Afin de protéger les industries tributaires du commerce, les systèmes de tarification du carbone industriel demandent aux grandes installations de ne payer qu’une fraction de la tarification sur leurs émissions totales. Cette approche crée des marchés sur lesquels les entreprises peuvent acheter et vendre des droits d’émission; ce sont les systèmes d’échanges pour les grands émetteurs.

Fonctionnement des systèmes d’échanges pour les grands émetteurs

Les systèmes d’échanges pour les grands émetteurs visent à encourager la réduction des émissions à moindre coût afin de limiter l’exode des producteurs vers d’autres pays moins stricts (les « fuites de carbone »).
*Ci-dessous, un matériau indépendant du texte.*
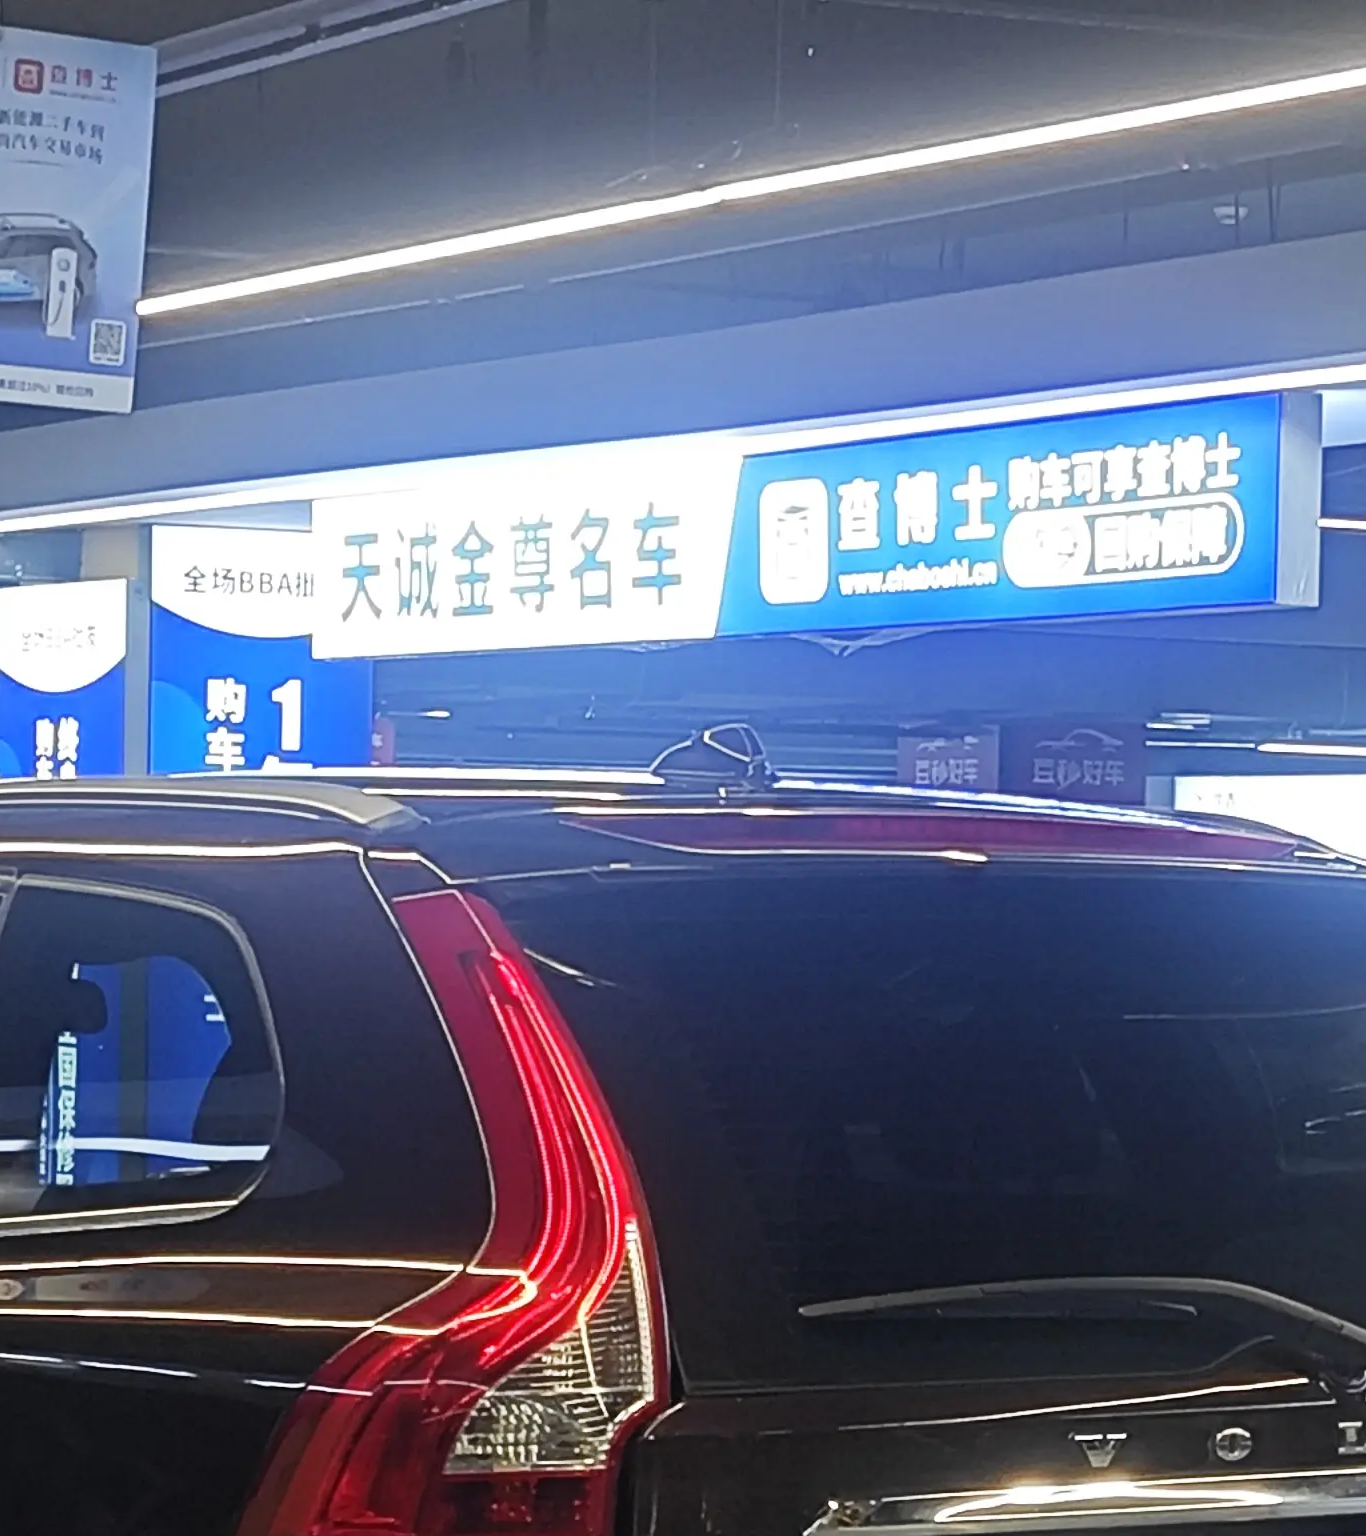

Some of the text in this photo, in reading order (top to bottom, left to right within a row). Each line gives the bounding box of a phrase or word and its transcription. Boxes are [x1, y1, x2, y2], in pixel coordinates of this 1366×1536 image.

[837, 464, 999, 552] 查博士
[1007, 437, 1241, 512] 购车可享查博士
[341, 502, 682, 622] 天诚金尊名车
Ils se divisent en deux grandes catégories : les systèmes basés sur l’intensité d’émissions et les systèmes de plafonnement et d’échange.

Le premier type de systèmes impose des normes sur l’intensité des émissions. Si une installation affiche une intensité d’émissions inférieure à la norme, elle obtient des crédits qu’elle peut vendre à d’autres entreprises ou mettre en réserve pour plus tard. À l’inverse, si une installation dépasse le seuil, elle doit compenser les excès d’émissions en achetant les crédits d’autres entreprises ou des crédits compensatoires (lorsque c’est possible), ou encore payer un prix fixe. Le prix du carbone augmente et les normes se resserrent au fil du temps pour assurer une baisse progressive des émissions.

Le second type, les systèmes de plafonnement et d’échange, exige que les installations obtiennent des droits d’émission : certains sont accordés d’office (les « quotas gratuits »), mais le reste doit être acheté aux enchères. Le prix du carbone est donc variable, quoique tout de même balisé par un plancher et un plafond. Les entreprises peuvent ensuite s’échanger les droits d’émission achetés. Le plafond en vigueur dans tout le système et la quantité de quotas gratuits diminuent au fil des ans pour faire monter le prix et abaisser les émissions.

Différences entre les systèmes d’échanges pour les grands émetteurs

Au Canada, on dénombre neuf systèmes d’échanges différents pour les grands émetteurs (figure 1). Ils se distinguent par exemple par les seuils d’émissions définis pour la participation, et par la disponibilité ou non de crédits compensatoires.

Mais ce sont les systèmes basés sur l’intensité d’émissions qui présentent la différence la plus marquée : certains imposent des normes par secteurs, tandis que d’autres optent pour des seuils fondés sur les émissions passées de chaque installation. Cette seconde approche entraîne moins de coûts, mais récompense moins fortement les entreprises les plus performantes. Le resserrement progressif des normes imposées varie aussi d’un système à l’autre.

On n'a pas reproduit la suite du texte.